--- Problem ---
The pictures are to be left out when the listing below is reproduced word for word.
#####
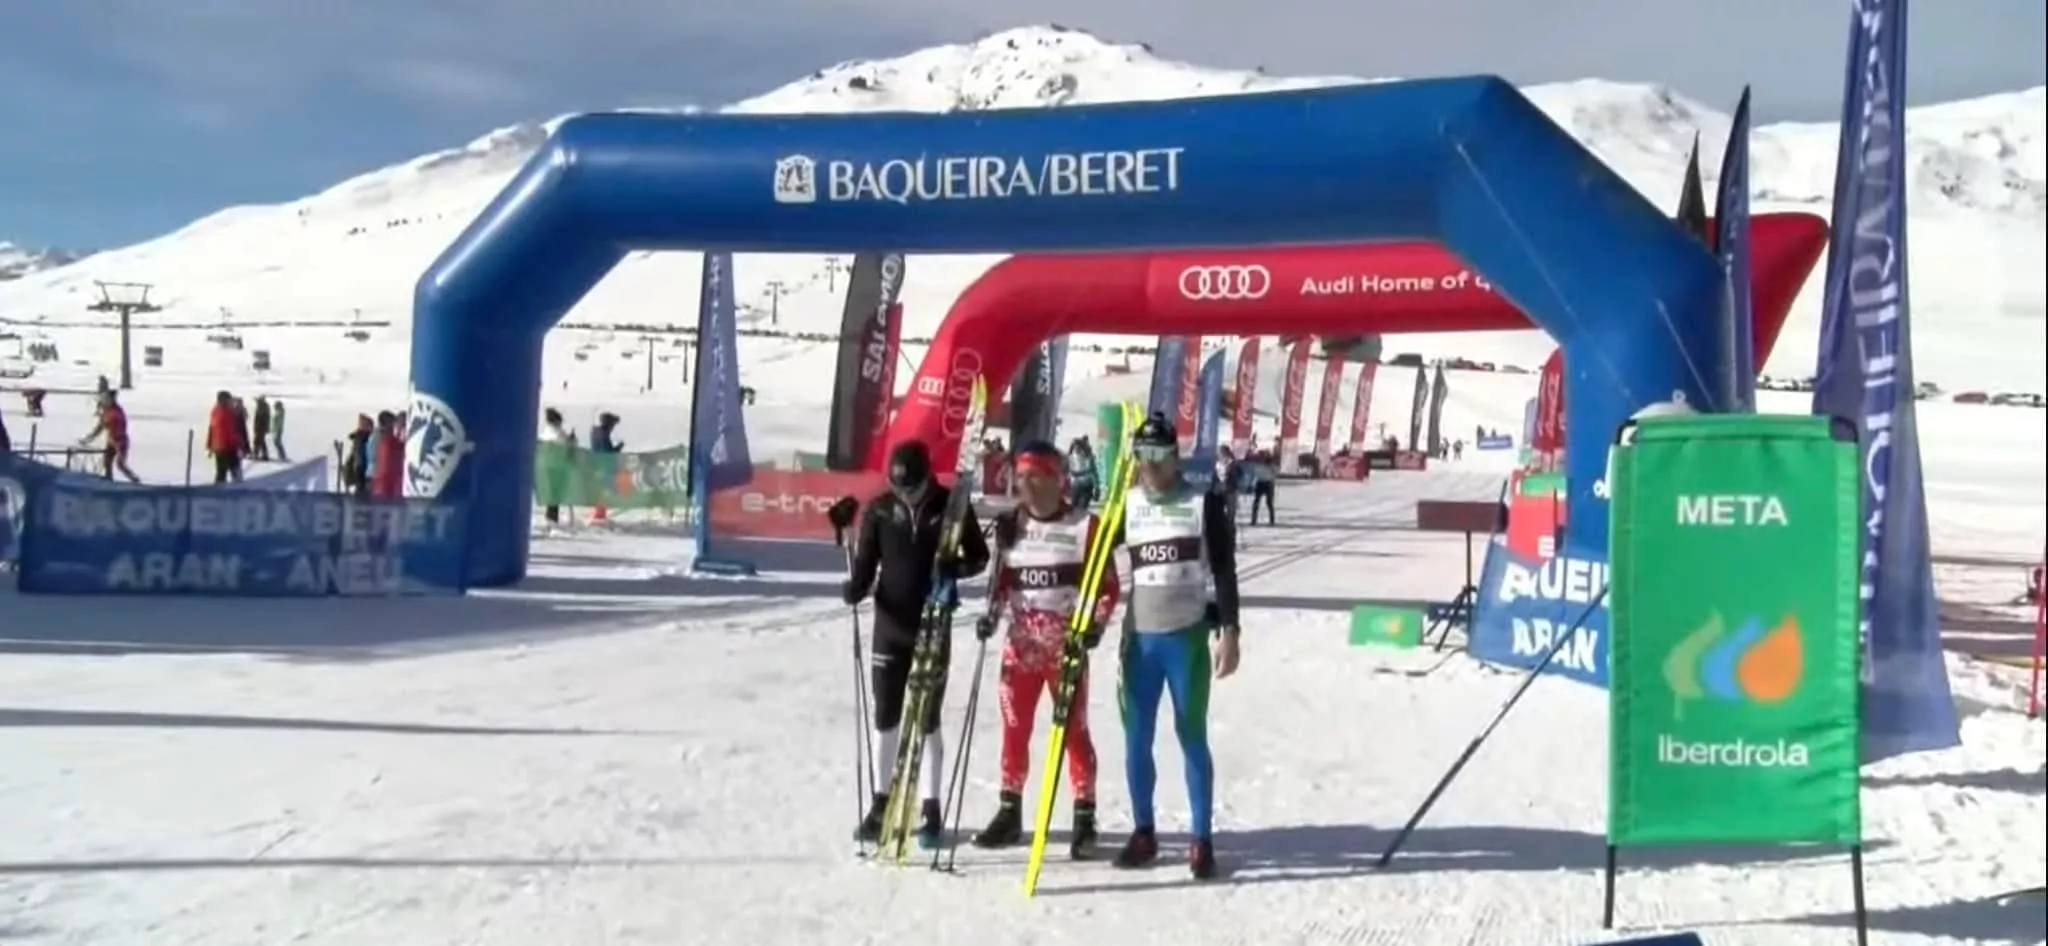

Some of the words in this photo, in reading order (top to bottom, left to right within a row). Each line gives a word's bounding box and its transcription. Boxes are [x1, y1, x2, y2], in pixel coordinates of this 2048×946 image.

[829, 147, 1185, 205] BAQUEIRA/BERET
[1299, 276, 1354, 295] Audi
[1361, 274, 1435, 293] Home
[1440, 270, 1469, 290] of
[1676, 494, 1788, 526] META
[1139, 545, 1178, 562] 4050
[107, 552, 241, 590] ARAN
[1019, 569, 1058, 586] 4001
[1512, 617, 1599, 673] ARAN
[1658, 734, 1809, 767] Iberdrola
#####
--- Solution ---
Some of the words in this photo, in reading order (top to bottom, left to right within a row). Each line gives a word's bounding box and its transcription. Boxes are [x1, y1, x2, y2], in pixel coordinates of this 2048×946 image.

[829, 147, 1185, 205] BAQUEIRA/BERET
[1299, 276, 1354, 295] Audi
[1361, 274, 1435, 293] Home
[1440, 270, 1469, 290] of
[1676, 494, 1788, 526] META
[1139, 545, 1178, 562] 4050
[107, 552, 241, 590] ARAN
[1019, 569, 1058, 586] 4001
[1512, 617, 1599, 673] ARAN
[1658, 734, 1809, 767] Iberdrola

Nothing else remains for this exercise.